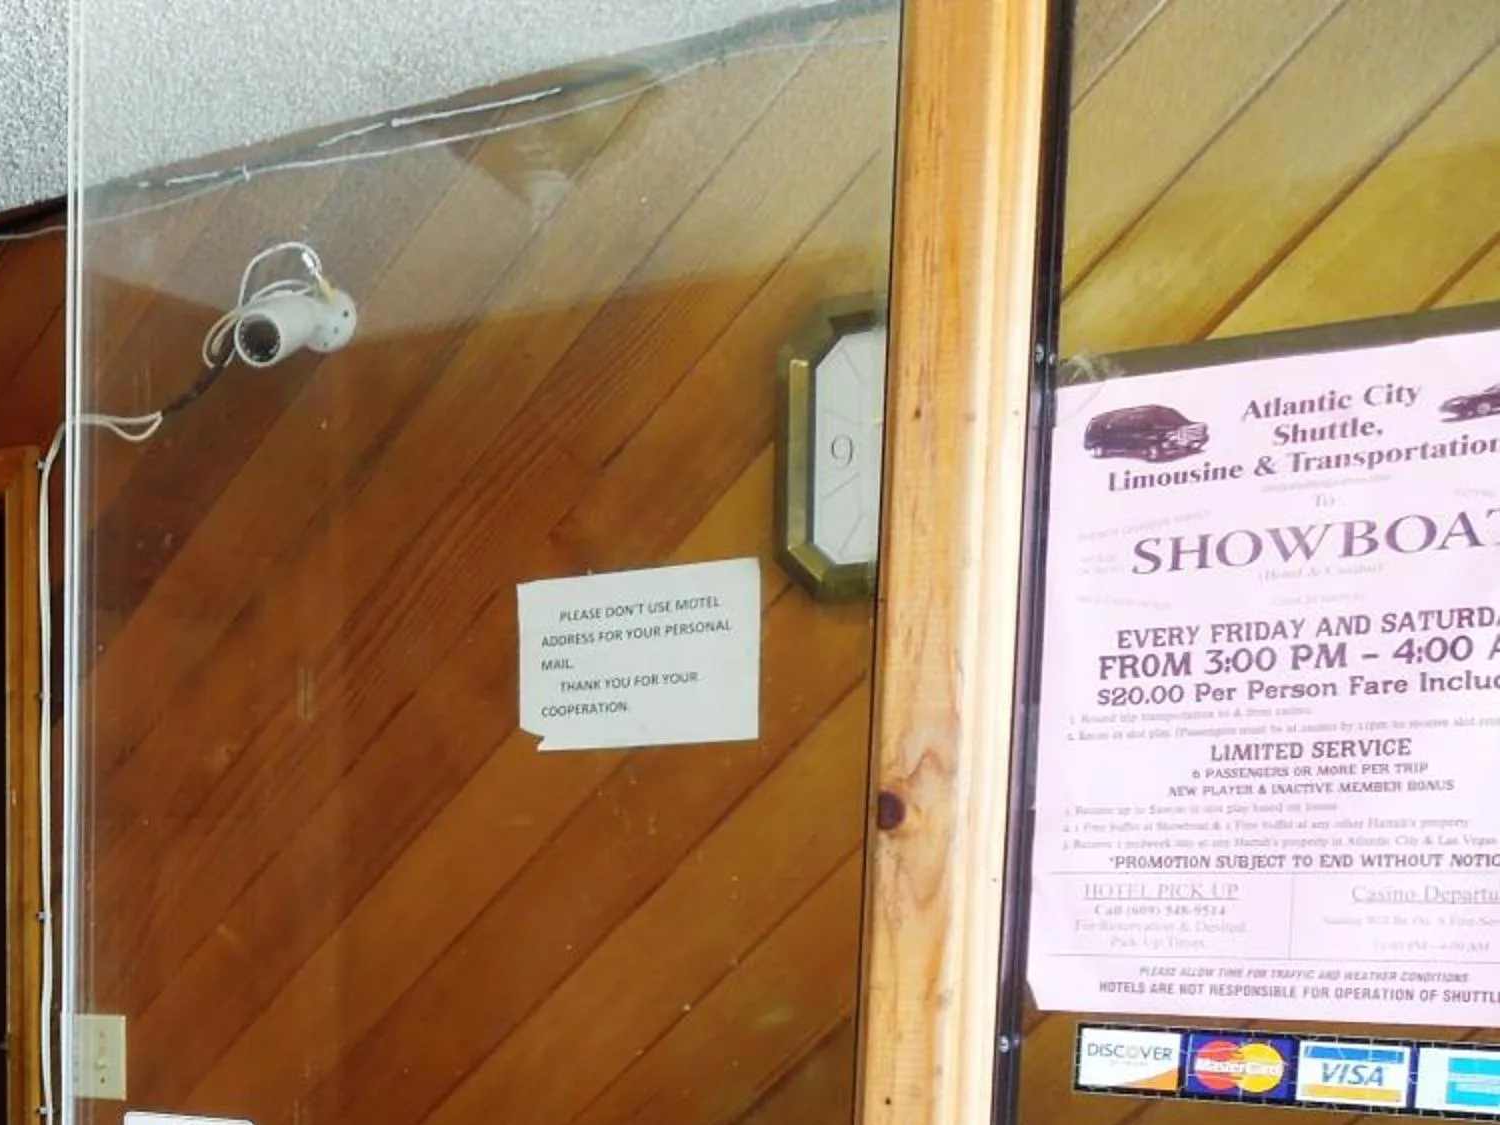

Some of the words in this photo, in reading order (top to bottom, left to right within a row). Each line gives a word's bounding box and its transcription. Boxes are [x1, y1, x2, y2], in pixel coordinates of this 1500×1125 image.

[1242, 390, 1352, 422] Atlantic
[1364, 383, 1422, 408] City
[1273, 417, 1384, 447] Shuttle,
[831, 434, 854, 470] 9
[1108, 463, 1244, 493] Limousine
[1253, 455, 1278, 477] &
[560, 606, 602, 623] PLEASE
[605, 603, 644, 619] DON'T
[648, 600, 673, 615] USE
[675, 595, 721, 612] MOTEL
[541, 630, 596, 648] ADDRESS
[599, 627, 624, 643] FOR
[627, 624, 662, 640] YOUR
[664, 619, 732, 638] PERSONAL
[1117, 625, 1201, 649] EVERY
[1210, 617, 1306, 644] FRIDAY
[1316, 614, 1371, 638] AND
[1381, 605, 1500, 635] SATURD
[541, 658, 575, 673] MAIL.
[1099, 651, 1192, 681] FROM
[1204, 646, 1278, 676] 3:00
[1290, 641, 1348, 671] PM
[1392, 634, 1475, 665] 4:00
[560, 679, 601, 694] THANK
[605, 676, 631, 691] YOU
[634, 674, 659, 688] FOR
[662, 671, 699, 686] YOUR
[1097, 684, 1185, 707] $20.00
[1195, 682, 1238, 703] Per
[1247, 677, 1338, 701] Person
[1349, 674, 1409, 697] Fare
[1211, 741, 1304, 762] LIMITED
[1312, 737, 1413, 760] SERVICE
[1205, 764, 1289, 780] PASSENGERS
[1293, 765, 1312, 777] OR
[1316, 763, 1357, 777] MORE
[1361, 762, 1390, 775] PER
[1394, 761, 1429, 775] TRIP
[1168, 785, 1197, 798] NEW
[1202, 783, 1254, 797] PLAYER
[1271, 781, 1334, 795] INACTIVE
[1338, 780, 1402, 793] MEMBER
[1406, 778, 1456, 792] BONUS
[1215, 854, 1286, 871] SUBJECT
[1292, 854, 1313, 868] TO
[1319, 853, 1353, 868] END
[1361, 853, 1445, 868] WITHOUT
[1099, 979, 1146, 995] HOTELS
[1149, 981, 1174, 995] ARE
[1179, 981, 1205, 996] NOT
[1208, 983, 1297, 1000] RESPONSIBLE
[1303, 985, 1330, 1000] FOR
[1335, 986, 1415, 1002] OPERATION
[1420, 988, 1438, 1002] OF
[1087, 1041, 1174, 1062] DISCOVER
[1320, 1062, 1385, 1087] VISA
• • •
Nothing but a number should be given: how many lines in the records hold the word "YOUR".

:: Solution to the problem ::
2